:: The task ::
Transcribe all data verbatim. Skip the pictures.

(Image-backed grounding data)
────────────────

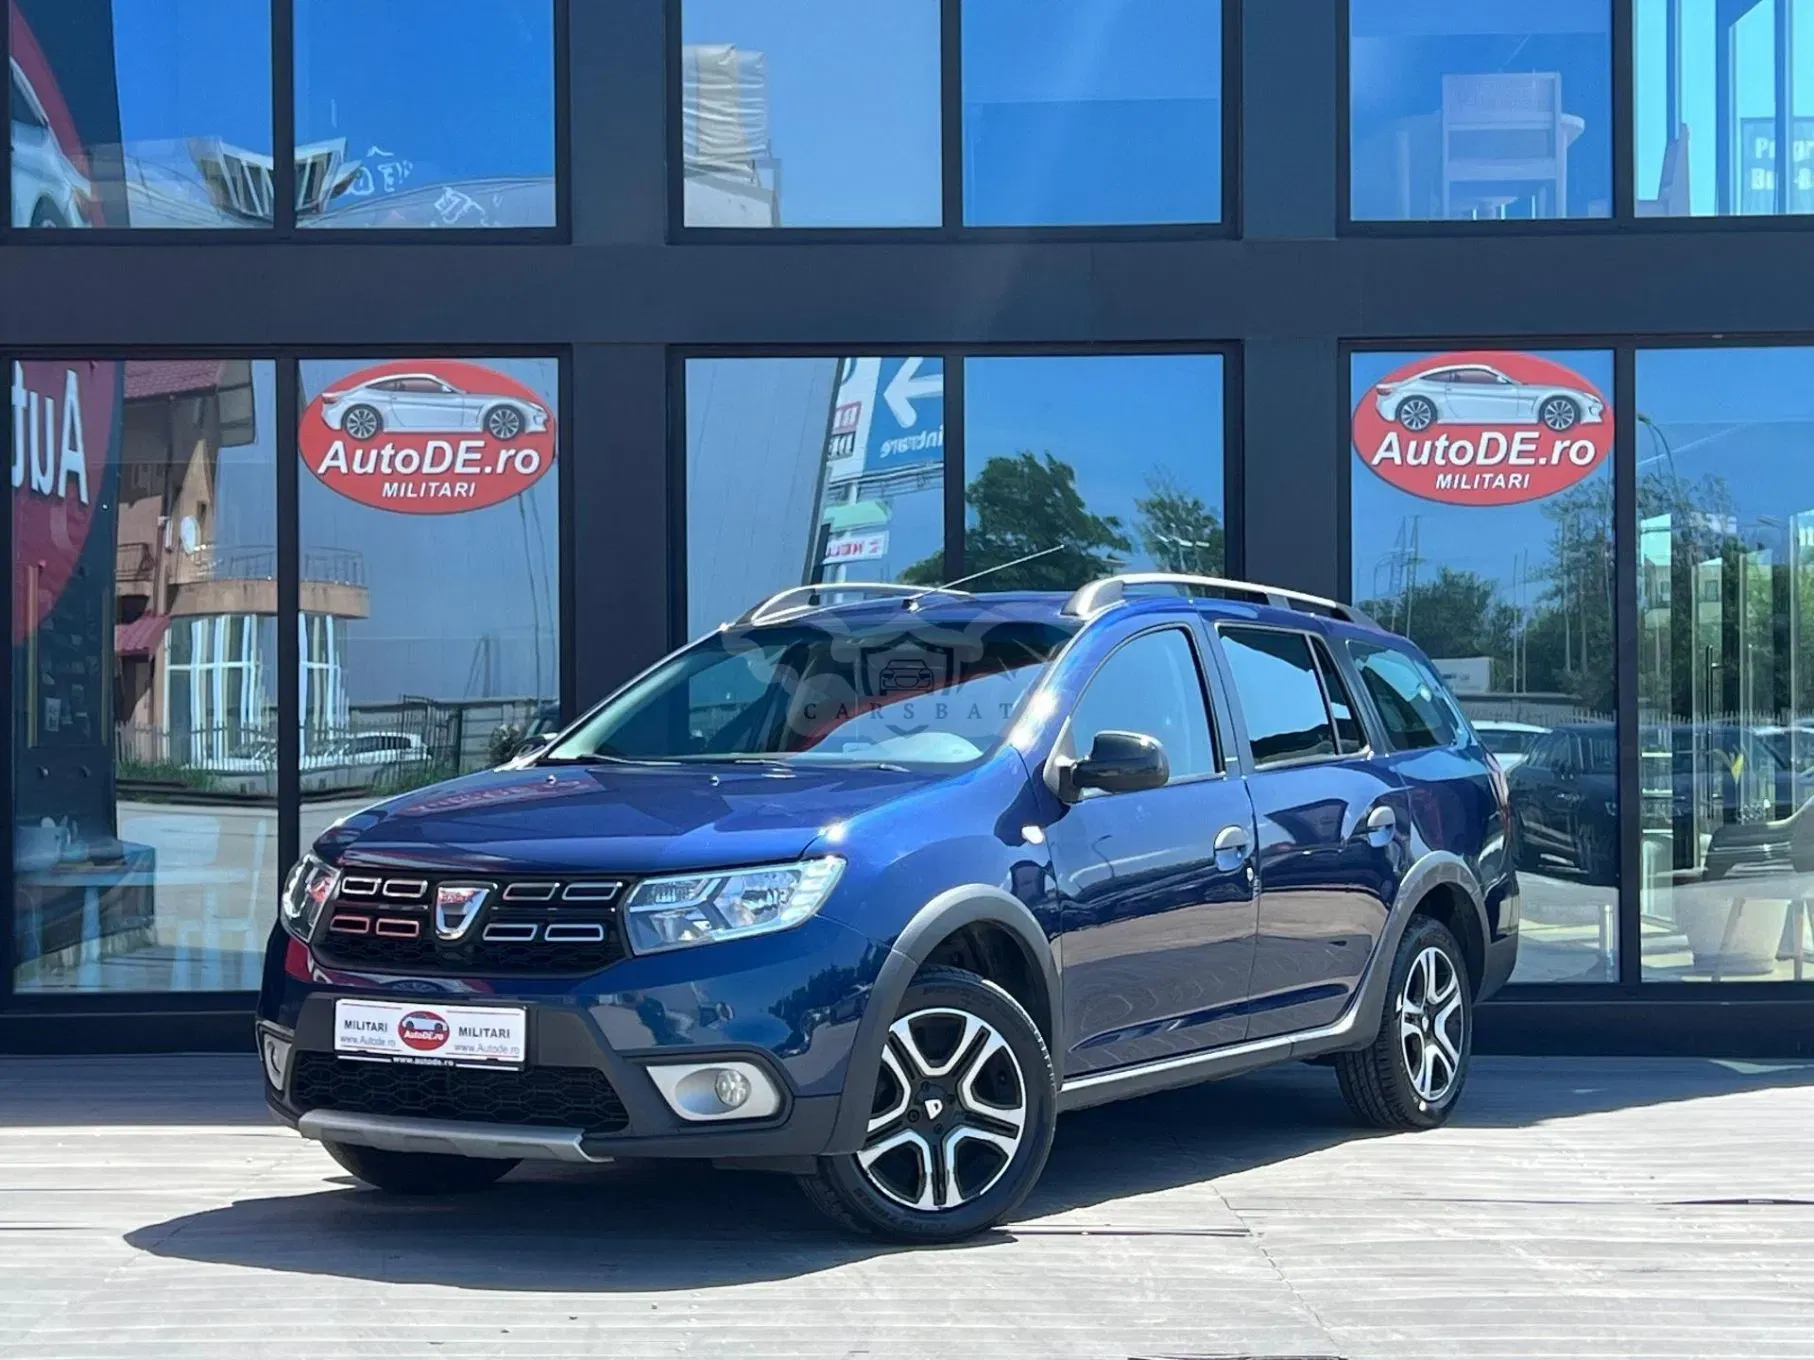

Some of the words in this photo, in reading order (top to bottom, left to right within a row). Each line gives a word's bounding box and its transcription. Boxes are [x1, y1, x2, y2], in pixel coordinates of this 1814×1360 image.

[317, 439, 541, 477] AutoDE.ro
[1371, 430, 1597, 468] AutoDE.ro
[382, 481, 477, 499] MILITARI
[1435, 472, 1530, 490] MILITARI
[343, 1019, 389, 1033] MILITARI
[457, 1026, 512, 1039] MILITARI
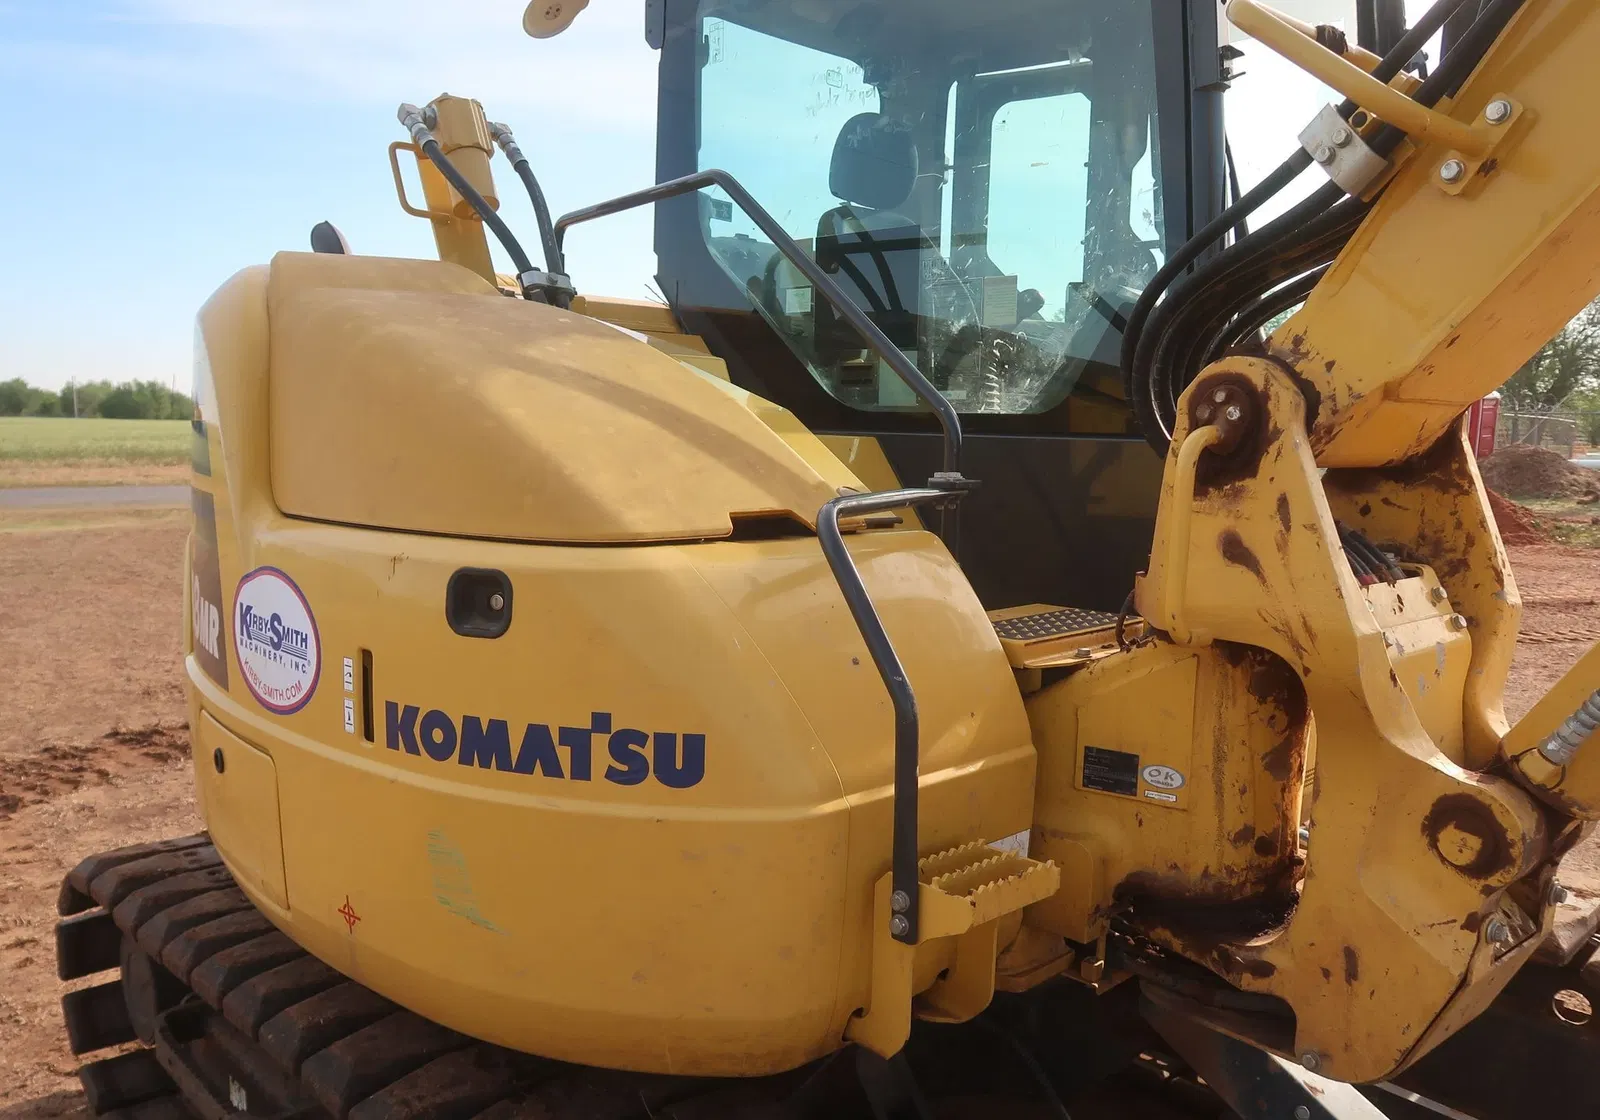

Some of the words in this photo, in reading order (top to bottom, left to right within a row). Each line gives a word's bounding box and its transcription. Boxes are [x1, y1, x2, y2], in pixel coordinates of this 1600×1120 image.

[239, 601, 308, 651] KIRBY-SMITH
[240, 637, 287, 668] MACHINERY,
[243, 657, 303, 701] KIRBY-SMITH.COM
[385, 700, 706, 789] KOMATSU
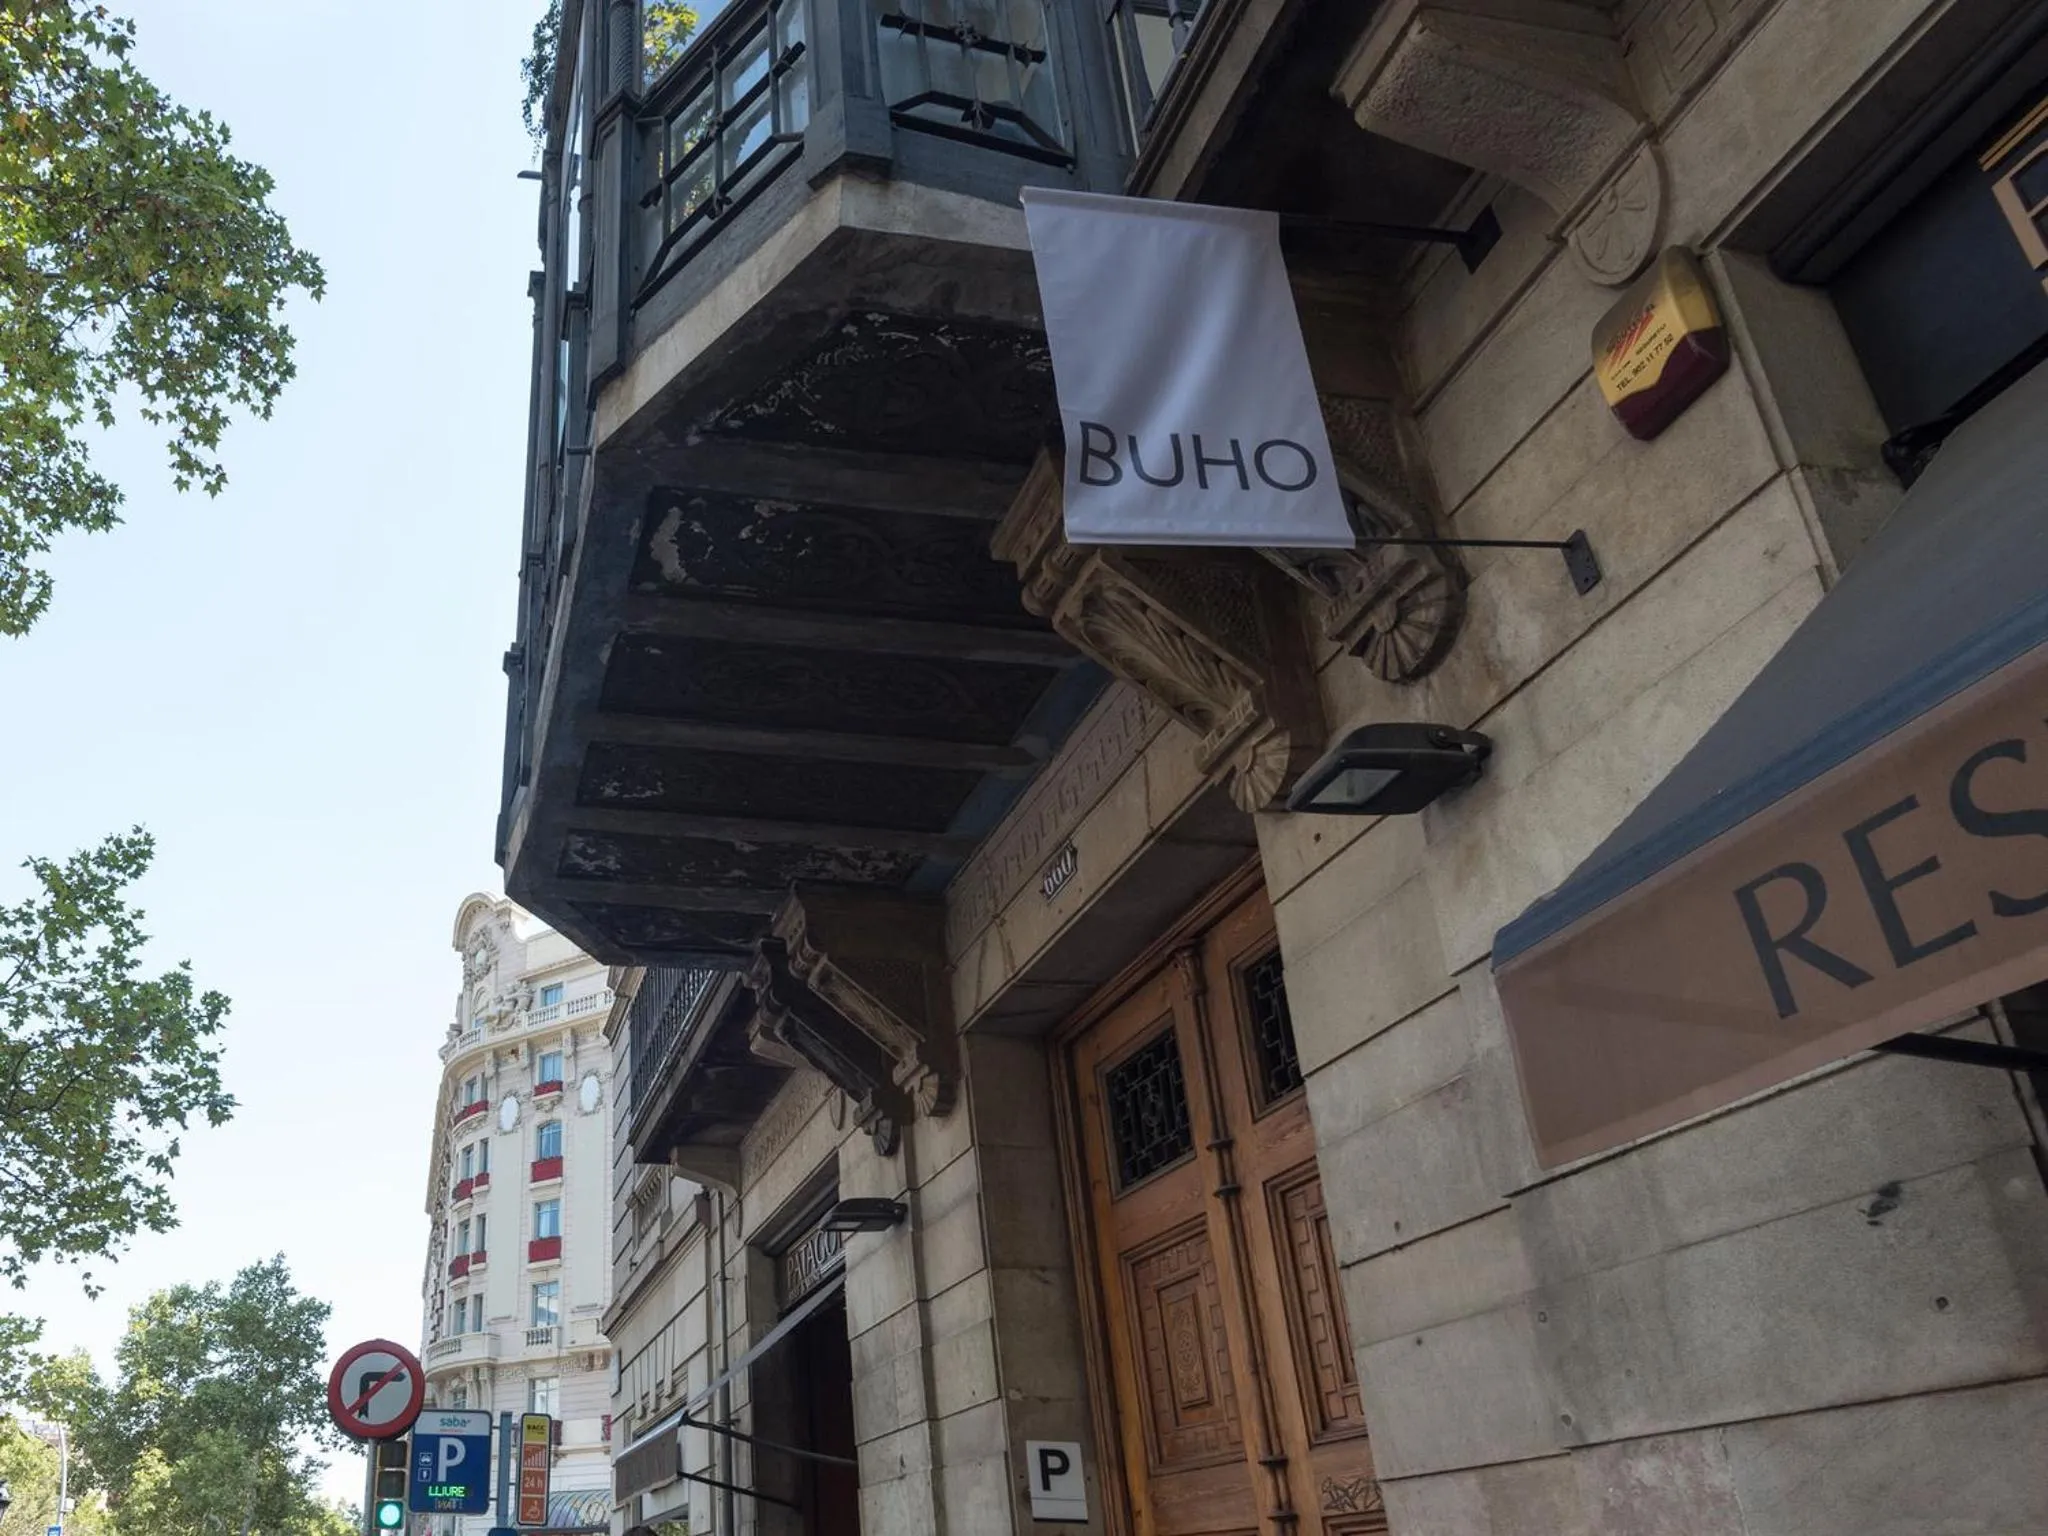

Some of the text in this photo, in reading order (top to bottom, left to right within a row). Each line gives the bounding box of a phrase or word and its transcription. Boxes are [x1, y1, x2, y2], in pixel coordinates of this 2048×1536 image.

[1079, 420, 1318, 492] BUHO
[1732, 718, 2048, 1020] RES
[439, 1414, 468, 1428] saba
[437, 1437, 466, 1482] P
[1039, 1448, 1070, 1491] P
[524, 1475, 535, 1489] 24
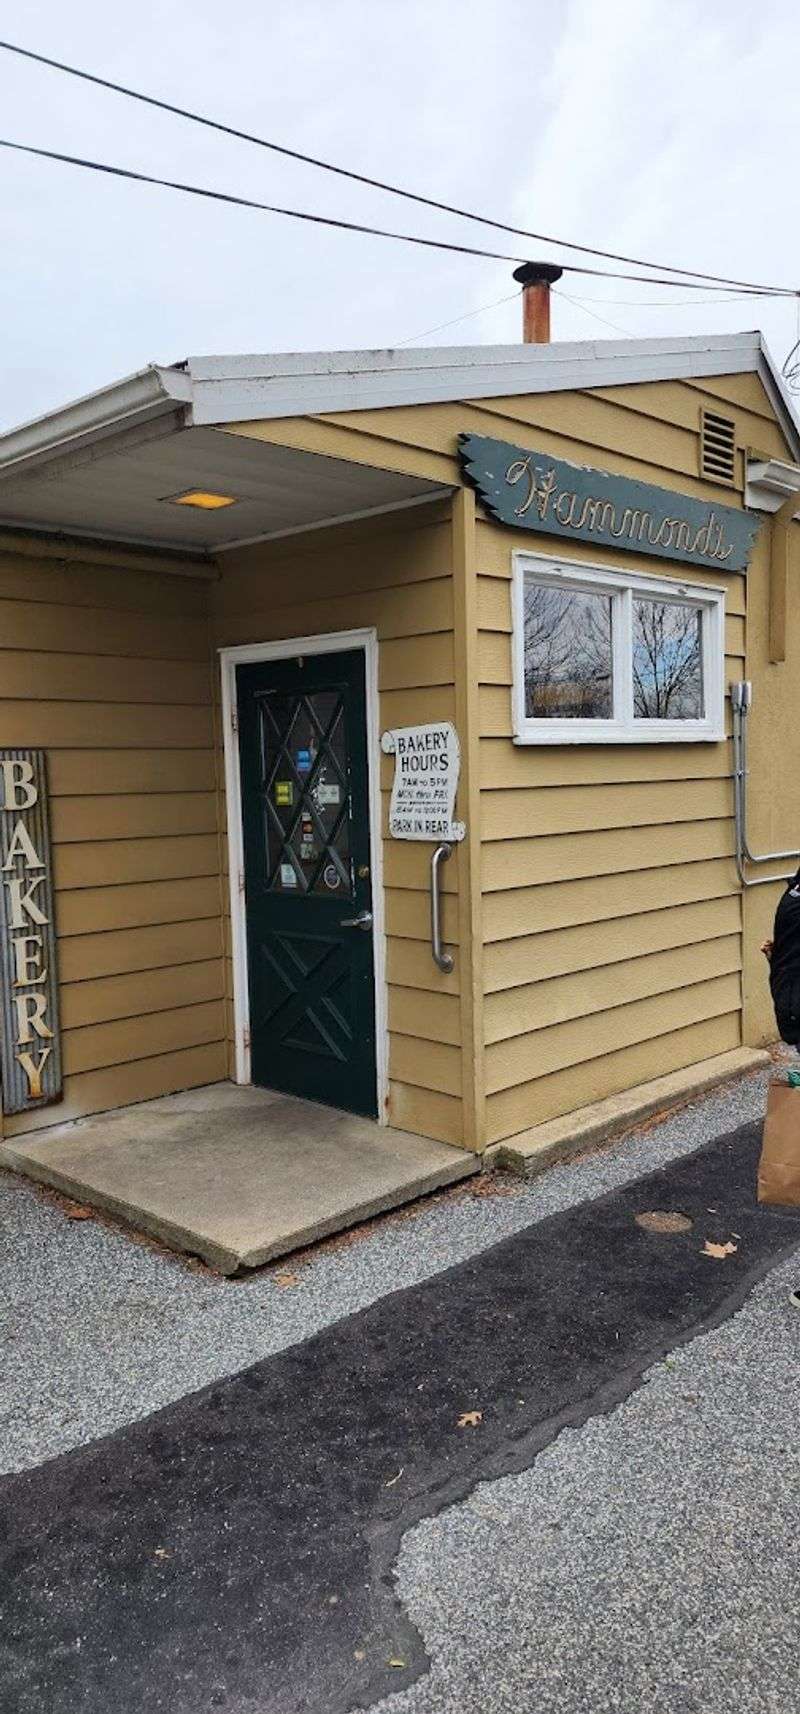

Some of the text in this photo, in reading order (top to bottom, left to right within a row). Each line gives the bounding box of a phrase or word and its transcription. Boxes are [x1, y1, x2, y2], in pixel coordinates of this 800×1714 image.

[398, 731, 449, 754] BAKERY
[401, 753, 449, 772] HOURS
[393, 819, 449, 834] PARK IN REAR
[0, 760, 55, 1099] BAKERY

────────────────

:: Result of the exercise ::
Some of the words in this photo, in reading order (top to bottom, left to right within a row). Each line gives a word's bounding box and its transcription. Boxes are [x1, y1, x2, y2], in pixel coordinates of this 1814×1360 image.

[317, 439, 541, 477] AutoDE.ro
[1371, 430, 1597, 468] AutoDE.ro
[382, 481, 477, 499] MILITARI
[1435, 472, 1530, 490] MILITARI
[343, 1019, 389, 1033] MILITARI
[457, 1026, 512, 1039] MILITARI

Some of the words in this photo, in reading order (top to bottom, left to right within a row). Each line gives a word's bounding box and its transcription. Boxes are [x1, y1, x2, y2], in pixel coordinates of this 1600×1120 image.

[239, 601, 308, 651] KIRBY-SMITH
[240, 637, 287, 668] MACHINERY,
[243, 657, 303, 701] KIRBY-SMITH.COM
[385, 700, 706, 789] KOMATSU

Some of the text in this photo, in reading order (top to bottom, left to right within a row). Each line gives the bounding box of a phrase or word and its transcription. Boxes are [x1, y1, x2, y2], in pixel coordinates of this 2048×1536 image.

[1079, 420, 1318, 492] BUHO
[1732, 718, 2048, 1020] RES
[439, 1414, 468, 1428] saba
[437, 1437, 466, 1482] P
[1039, 1448, 1070, 1491] P
[524, 1475, 535, 1489] 24

Some of the text in this photo, in reading order (top to bottom, left to right within a row). Each line gives the bounding box of a phrase or word and its transcription. Boxes are [x1, y1, x2, y2], in pixel coordinates of this 800×1714 image.

[398, 731, 449, 754] BAKERY
[401, 753, 449, 772] HOURS
[393, 819, 449, 834] PARK IN REAR
[0, 760, 55, 1099] BAKERY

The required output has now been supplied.